Eating patterns are affected by food availability, hunger and satiety, social habits and convenience. At the biological level, eating schedules are predominantly dictated by an inherent timing mechanism. At the behavioural level, when feeding occurs at a regular, anticipated time, the circadian clock initiates nutrient-sensing pathways to act synergistically to maintain nutrient homeostasis [21]. However, when feeding occurs at random times, these same nutrient-responsive pathways provide feedback to the circadian clocks to ‘phase shift’ so that on subsequent days food is anticipated at the new feeding time [21]. Such circadian disruption acutely impacts glycaemic control through impairments to beta cell function and insulin sensitivity, increasing the risk of developing type 2 diabetes (for review, see [22]). The importance of the circadian clock and its role in protecting against metabolic disorders is clearly demonstrated from results in genetically manipulated mouse models [23]. Mice with whole-body or tissue-specific loss of function or hypomorphic alleles of circadian genes develop profound disturbances in glucose [24] and lipid homeostasis [25] and the gut microbiome [26], predisposing them to insulin resistance and other hallmark features of metabolic disease [27]. These genetically altered mouse models display aberrant feeding patterns, suggesting that irregular/disrupted feeding schedules may underpin the metabolic abnormalities. Indeed, disruption of feeding/fasting rhythms, rewiring of circadian gene expression, or, in most cases, both, is commonly found in animal models of obesity and dysmetabolism. For example, mice with diet-induced obesity may consume food outside of their normal nocturnal window [25] and undergo metabolic and genomic reprogramming [18]. This is accompanied by changes in the oscillation of circadian clock-controlled genes involved in metabolism. As the timing of meals profoundly affects skeletal muscle insulin sensitivity, manipulating daily meal timing would appear to be a plausible strategy to help alleviate lifestyle-related diseases.
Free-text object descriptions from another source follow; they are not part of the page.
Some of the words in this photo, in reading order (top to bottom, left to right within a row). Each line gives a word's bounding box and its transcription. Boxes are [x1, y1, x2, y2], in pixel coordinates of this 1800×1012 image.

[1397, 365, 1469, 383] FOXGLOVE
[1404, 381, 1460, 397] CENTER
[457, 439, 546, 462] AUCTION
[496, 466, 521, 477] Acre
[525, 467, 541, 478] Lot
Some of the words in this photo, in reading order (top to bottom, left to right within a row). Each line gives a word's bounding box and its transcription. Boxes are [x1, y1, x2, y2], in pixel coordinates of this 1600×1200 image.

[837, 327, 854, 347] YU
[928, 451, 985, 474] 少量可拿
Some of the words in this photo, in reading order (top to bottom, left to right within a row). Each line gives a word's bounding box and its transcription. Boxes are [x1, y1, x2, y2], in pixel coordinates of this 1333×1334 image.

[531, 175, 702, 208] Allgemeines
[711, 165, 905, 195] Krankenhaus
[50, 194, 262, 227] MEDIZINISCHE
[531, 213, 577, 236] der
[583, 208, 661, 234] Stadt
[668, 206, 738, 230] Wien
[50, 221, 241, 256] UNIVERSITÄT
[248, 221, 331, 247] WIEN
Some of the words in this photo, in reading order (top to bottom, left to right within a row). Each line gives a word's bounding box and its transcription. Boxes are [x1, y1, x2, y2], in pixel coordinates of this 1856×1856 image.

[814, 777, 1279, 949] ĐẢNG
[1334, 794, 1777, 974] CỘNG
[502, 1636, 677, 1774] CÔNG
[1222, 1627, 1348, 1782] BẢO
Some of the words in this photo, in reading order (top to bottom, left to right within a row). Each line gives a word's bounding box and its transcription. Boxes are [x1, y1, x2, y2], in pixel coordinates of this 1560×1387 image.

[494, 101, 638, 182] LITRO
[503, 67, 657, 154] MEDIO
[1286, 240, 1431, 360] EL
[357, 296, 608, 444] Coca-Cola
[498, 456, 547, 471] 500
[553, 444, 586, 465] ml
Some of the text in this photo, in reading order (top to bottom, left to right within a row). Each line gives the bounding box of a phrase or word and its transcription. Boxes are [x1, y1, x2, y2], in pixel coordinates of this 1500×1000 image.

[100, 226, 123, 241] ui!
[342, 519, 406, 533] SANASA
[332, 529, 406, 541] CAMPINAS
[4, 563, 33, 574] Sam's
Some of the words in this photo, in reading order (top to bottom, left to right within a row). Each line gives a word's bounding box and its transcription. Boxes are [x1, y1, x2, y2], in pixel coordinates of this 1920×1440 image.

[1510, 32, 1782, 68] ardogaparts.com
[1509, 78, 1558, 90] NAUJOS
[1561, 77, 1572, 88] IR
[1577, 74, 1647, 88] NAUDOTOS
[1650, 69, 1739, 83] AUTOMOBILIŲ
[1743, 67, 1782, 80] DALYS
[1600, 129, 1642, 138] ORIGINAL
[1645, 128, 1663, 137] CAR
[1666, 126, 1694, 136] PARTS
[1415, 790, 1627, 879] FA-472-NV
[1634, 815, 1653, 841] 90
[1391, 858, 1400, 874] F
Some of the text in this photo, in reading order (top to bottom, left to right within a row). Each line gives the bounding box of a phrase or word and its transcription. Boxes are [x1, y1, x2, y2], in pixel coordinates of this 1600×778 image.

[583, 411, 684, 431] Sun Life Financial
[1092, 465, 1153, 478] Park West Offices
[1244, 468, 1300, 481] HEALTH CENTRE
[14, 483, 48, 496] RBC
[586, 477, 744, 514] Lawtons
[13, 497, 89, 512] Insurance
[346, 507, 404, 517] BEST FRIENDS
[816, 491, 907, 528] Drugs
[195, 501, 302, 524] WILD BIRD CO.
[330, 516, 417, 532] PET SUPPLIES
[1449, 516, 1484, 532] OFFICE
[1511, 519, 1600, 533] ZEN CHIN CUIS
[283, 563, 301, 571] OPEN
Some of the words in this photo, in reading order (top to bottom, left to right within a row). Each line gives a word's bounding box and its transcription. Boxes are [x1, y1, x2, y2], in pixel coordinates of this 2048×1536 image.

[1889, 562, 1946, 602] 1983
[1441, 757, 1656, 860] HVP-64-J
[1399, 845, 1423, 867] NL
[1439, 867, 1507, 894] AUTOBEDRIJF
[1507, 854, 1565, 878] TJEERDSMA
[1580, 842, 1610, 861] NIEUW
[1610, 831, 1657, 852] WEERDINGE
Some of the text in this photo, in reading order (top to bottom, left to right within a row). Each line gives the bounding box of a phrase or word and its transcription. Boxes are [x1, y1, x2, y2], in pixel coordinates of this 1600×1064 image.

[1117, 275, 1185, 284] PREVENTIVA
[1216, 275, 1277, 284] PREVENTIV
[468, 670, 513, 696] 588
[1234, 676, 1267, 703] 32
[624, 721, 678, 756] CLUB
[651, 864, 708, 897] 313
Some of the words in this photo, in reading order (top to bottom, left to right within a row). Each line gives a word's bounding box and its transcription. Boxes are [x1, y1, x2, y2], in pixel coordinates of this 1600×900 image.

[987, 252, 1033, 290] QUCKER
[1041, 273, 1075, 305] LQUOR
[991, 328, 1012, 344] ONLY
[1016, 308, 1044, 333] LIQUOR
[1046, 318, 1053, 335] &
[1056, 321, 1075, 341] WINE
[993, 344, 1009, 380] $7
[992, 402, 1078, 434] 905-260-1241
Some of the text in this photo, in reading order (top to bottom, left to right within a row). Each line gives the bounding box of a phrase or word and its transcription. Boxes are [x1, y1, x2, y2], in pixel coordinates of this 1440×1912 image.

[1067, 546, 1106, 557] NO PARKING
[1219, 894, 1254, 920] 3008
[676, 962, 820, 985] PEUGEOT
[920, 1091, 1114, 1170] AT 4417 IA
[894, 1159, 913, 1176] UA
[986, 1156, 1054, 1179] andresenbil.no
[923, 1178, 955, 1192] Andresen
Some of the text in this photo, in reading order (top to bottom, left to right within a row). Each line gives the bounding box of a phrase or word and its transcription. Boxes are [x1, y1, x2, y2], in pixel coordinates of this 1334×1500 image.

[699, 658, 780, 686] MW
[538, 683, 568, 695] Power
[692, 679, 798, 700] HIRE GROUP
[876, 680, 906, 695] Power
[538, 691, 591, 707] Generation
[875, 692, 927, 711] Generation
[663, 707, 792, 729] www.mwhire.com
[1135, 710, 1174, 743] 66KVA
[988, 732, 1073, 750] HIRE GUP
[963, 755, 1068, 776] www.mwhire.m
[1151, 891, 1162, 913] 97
Hence, ‘chrono-nutrition’ refers to food administration in coordination with the body’s daily rhythms, and reflects the notion that, in addition to the quality and quantity of food, meal timing is also critical for the well-being of an organism [16, 28].

Chrono-nutrition

Manipulation of the macronutrient composition of the diet, coupled with reductions in energy intake, have been traditional tools to improve metabolic health. However, a growing body of evidence suggests that periodic fasting and restricting the daily duration over which food is consumed can delay and often reverse the symptoms associated with metabolic disorders. Permutations in the pattern of daily food consumption in such dietary regimens are numerous [17, 29, 30] but broadly encompass three approaches: (1) sustained periods of chronic energy restriction (CER), in which daily energy intake is reduced by up to 40%, but meal frequency and timing remain unchanged; (2) intermittent fasting (IF), where one day or several days of fasting are interspersed with normal ad libitum eating patterns, and meal frequency and timing remaining unchanged on the days of food intake; and (3) time-restricted feeding (TRF), in which food is consumed ad libitum throughout a set time period. In TRF the daily eating duration (i.e. the time between the first and last energy intake) is typically reduced from a 12–14 h/day ‘eating window’ to <10 h/day. It should be emphasised that CER and IF are not chrono-nutritive therapies per se, in that they do not restrict food consumption to between specified times of day to play off of chronobiology. Instead, their therapeutic value and positive health outcomes are mainly derived from chronic or intermittent energy restriction. A comprehensive discussion of these dietary approaches and the underlying metabolic and molecular alterations they elicit is beyond the scope of this article, and the reader is referred to recent reviews [16, 29, 30,31,32]. A feature common to these dietary interventions is the manipulation of the feeding–fasting cycle, along with the assumption that reducing the time spent in a postprandial and postabsorptive state improves glycaemic control, and that perturbing feeding–fasting cycles drive robust oscillations in metabolism and circadian rhythms that confer health benefits [16, 17, 30, 31].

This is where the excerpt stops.